Carver noted nearby glass shards caught in the crevices of cobblestones.
Several rescued mages noticed his curiosity. "…We had accidentally shattered a few vials in our haste to lock ourselves in here."
Carver slipped out a dagger and handed it to Zevran. "Check the adjacent storage room."
Zevran tossed the blade up in a perfect circle. "Are you sure?"
Carver looked at him.
"…My pleasure!" Zevran willingly vanished into the next room.
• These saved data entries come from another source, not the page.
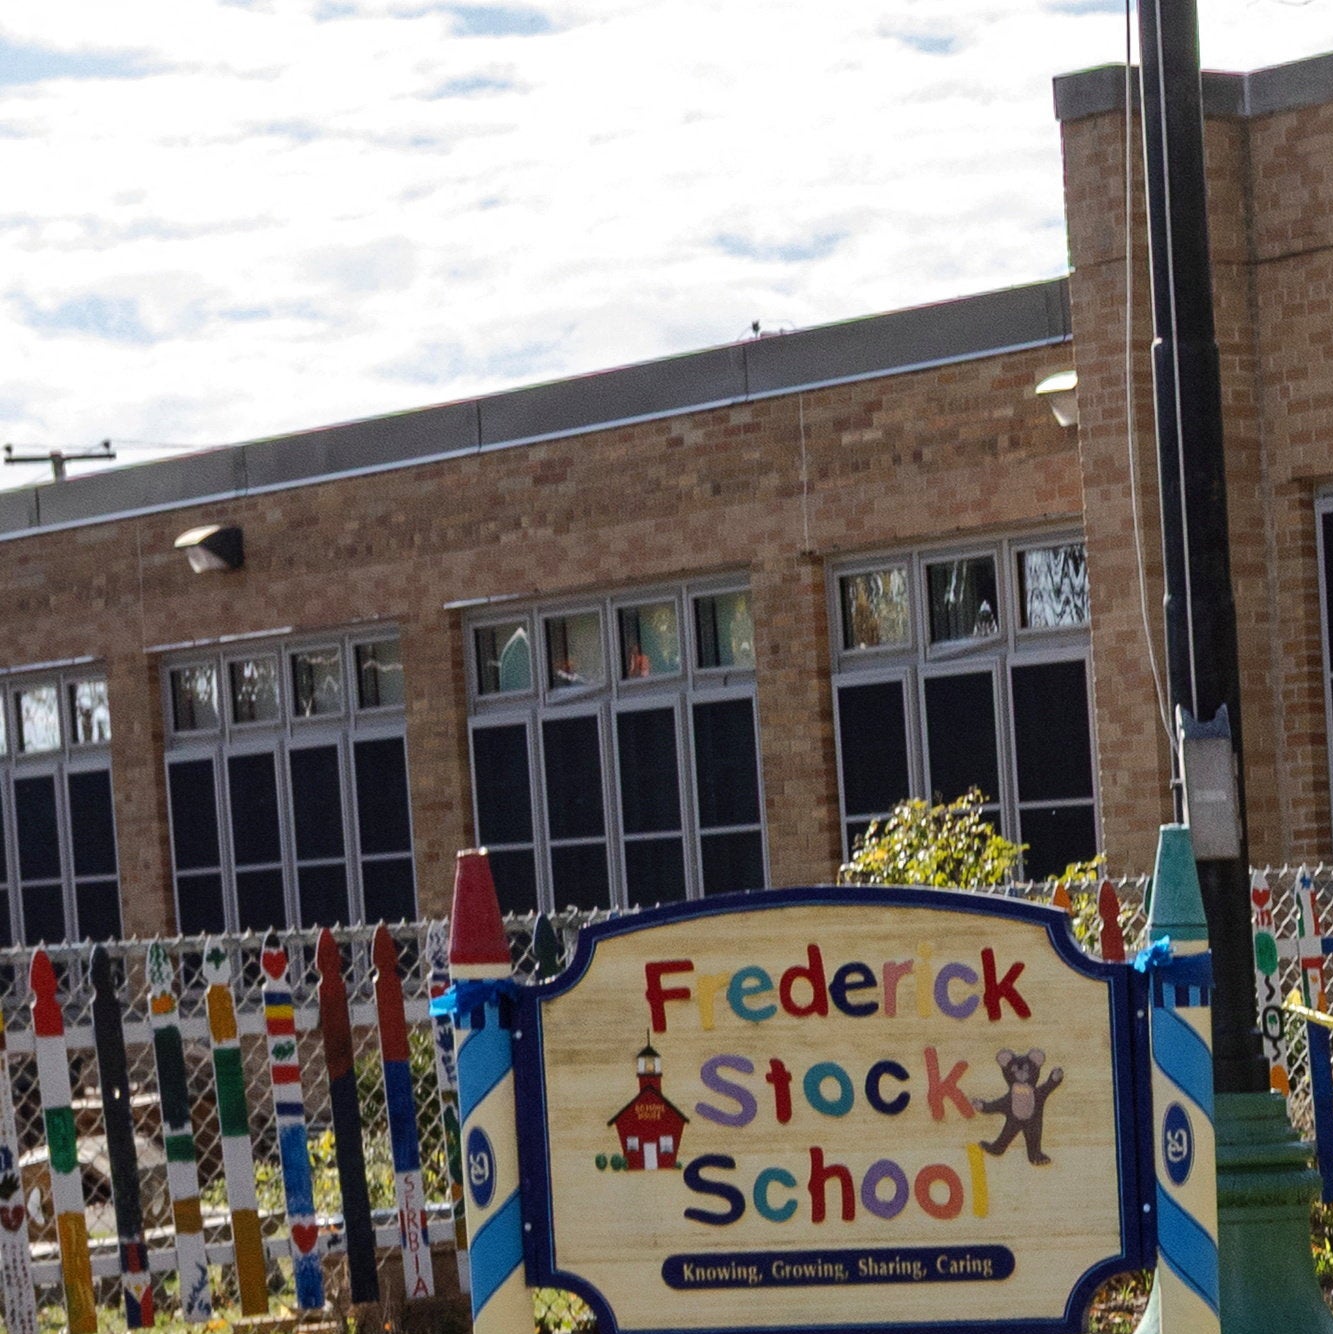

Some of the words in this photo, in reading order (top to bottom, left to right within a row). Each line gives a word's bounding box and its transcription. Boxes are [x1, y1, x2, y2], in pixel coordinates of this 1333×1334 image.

[645, 942, 1032, 1033] Frederick
[694, 1046, 975, 1128] Stock
[683, 1143, 989, 1226] School
[683, 1262, 763, 1285] Knowing,
[771, 1260, 849, 1280] Growing,
[858, 1257, 927, 1279] Sharing,
[936, 1254, 993, 1277] Caring
Carver raised his head to the closest shelves crowded with all manner of bottle racks. His gaze refocused on a phylactery tray with scattered cavities, like an incomplete box of chocolates.
"You've committed no wrongs," Carver commented evenly. "As you said, it was merely an accident."
"R-Right," the mages caught on.
The students jumped at a sudden bang behind a wall, and Carver turned to witness Zevran usher in a frazzled and significantly taller man through the adjacent room's door. It was a wonder that with the towering staff in his hand, the mage had still lost to a small elf with a letter opener.
Carver stared.
"Anders?" a young mage identified.
The tall man was in his smallclothes and nothing else. "I was planning to swim away, this time."
"Had Uldred not returned quickly," Carver permitted, "you would have succeeded — for a while. Zevran, are there any more?"
Zevran chuckled, and Anders reflexively flinched in fresh fear. "No one else is foolish enough to hide among dusty mystic relics. Or think shadows effective against me."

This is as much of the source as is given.